As far as application speed is concerned, it’s sort of a horse race
between GCL and CMUCL. GCL wins some benchmarks, CMUCL wins some, and
some are too close to call. Clisp is probably the most portable of the
bunch – it runs on nearly every UNIX and is installed with CygWin. I
think there is a native Windows port too.
I seem to recall reading somewhere that GNU CLISP runs in something
absurd like 16MB of RAM – a simply astoundingly small amount of memory.
That’s a pretty neat trick for an ANSI standard implementation of pretty
much anything.
think there really isn’t another real programming language.
I don’t mind the attitude – I can just mentally route around it (my
bio-neural network is a bit like the Internet that way). The problem I
have with that is that it’s a newsgroup rather than a mailing list.
A) I have yet to meet a newsreader that doesn’t drive me up the wall.
B) I don’t need yet another “thing” to keep track of – I’m trying to
consolidate all my daily online communications (IMs notwithstanding)
in email as much as possible so I don’t have to make regular trips to
other applications to get caught up.
I believed that myself a long time ago, until I discovered nobody was
paying people to code in Lisp but Fortran and assembler would earn you a
decent living.
Hey, that doesn’t mean they’re “real” programming languages.
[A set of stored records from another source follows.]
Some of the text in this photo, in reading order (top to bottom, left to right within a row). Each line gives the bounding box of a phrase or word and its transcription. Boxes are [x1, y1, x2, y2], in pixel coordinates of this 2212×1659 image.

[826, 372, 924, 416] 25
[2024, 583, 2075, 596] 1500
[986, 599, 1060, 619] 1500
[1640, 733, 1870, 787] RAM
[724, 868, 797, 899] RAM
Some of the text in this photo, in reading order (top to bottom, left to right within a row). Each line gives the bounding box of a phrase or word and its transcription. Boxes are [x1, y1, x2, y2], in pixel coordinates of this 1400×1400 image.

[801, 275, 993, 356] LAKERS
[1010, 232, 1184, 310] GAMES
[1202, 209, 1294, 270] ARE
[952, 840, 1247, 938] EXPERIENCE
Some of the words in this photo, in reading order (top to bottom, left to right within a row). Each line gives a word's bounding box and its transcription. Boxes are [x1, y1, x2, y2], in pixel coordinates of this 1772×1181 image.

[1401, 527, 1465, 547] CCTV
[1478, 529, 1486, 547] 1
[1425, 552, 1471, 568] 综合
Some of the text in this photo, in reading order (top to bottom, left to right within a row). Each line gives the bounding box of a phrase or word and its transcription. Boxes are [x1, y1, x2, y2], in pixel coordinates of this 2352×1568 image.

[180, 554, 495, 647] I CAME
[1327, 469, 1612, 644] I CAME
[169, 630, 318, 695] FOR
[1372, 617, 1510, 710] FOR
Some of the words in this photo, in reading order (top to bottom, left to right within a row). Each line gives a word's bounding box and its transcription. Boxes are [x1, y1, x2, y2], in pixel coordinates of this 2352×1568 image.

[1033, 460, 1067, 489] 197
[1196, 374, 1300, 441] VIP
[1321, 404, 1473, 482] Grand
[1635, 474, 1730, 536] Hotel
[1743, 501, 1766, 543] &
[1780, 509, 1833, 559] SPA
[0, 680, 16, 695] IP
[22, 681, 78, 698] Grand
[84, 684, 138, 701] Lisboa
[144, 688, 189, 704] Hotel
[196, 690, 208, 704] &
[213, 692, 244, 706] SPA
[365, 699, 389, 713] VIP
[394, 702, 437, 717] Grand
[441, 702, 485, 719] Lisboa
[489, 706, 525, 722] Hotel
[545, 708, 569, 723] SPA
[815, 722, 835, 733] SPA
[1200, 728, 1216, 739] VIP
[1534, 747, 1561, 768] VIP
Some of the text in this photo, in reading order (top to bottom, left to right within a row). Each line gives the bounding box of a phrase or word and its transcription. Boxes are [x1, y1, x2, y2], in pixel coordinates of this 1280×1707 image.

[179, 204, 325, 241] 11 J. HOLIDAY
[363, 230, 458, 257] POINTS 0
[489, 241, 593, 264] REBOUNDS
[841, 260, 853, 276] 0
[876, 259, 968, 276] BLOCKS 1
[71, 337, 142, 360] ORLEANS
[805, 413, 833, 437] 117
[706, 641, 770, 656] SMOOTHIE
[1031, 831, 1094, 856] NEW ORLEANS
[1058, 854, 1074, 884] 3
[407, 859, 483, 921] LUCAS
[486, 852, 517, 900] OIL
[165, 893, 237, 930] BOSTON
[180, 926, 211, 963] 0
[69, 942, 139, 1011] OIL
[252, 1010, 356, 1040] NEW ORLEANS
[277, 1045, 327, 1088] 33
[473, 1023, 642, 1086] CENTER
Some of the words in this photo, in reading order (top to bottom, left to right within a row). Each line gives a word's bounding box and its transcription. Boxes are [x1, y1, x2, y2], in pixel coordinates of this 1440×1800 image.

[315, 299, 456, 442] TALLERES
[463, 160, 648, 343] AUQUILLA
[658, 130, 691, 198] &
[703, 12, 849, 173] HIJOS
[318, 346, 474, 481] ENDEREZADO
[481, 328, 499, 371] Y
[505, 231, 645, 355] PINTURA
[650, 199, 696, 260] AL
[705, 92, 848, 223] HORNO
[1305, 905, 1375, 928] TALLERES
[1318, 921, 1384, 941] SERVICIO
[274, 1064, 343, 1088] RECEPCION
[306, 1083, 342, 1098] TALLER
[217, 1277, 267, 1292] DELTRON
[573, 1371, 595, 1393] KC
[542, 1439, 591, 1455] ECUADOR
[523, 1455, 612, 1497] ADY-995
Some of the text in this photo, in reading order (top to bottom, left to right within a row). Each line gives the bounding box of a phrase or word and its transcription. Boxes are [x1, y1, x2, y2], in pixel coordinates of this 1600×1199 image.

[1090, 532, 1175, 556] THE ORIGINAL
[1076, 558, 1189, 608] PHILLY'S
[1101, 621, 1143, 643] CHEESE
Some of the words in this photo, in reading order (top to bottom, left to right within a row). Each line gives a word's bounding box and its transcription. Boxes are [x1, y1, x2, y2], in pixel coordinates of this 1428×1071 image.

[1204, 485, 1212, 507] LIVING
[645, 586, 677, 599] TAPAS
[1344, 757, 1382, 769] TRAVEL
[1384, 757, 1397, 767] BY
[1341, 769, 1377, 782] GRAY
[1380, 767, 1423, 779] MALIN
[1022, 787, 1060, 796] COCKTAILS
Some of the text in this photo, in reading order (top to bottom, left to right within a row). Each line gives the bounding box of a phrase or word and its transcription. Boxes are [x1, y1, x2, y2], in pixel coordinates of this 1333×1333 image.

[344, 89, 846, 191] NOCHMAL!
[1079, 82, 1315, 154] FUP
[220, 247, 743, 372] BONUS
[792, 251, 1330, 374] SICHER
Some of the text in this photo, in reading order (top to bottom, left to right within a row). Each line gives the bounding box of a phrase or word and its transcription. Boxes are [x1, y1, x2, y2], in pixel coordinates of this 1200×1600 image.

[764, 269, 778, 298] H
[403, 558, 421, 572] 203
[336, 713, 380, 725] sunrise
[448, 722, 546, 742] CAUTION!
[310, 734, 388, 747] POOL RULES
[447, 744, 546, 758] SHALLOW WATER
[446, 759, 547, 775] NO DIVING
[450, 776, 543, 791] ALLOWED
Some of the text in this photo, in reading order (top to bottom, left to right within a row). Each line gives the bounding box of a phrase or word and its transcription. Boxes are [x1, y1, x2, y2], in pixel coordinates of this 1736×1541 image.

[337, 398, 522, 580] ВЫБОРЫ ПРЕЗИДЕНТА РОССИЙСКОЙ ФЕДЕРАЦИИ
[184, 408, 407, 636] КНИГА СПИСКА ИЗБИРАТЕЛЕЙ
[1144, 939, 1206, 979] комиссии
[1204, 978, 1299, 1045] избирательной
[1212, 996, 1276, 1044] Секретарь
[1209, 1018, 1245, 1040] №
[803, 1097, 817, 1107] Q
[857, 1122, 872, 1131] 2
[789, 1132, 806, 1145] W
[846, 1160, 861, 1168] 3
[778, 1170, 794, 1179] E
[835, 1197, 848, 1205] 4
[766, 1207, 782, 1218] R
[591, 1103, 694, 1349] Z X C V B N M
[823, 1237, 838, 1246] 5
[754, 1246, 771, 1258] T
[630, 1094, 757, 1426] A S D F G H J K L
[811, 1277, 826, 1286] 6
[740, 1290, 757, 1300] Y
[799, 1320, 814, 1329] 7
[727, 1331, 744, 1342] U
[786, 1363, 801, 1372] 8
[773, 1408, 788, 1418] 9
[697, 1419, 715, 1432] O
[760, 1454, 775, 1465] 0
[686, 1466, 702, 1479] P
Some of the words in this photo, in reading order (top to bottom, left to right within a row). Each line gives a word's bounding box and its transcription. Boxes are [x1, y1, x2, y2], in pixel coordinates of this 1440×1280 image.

Heh.
I also think a PDF of most of the book “Practical Common Lisp” is on
line somewhere. I went and bought a hard copy anyway. It tells you how
to do 21st century stuff like web servers in Lisp.
Someone on this list privately and kindly emailed me with the URL for
that. I started reading the introduction this evening. I may well buy
the hardcopy myself, if I like it enough. I’m actually more likely to
purchase a technical book after I’ve already read it than before (take
note, Pragmatic Progammers: I’m your target market for stuff like the
Pickaxe Book’s free-digital-and-paid-print versions). The same was true
of music, until I just started boycotting all RIAA labels entirely.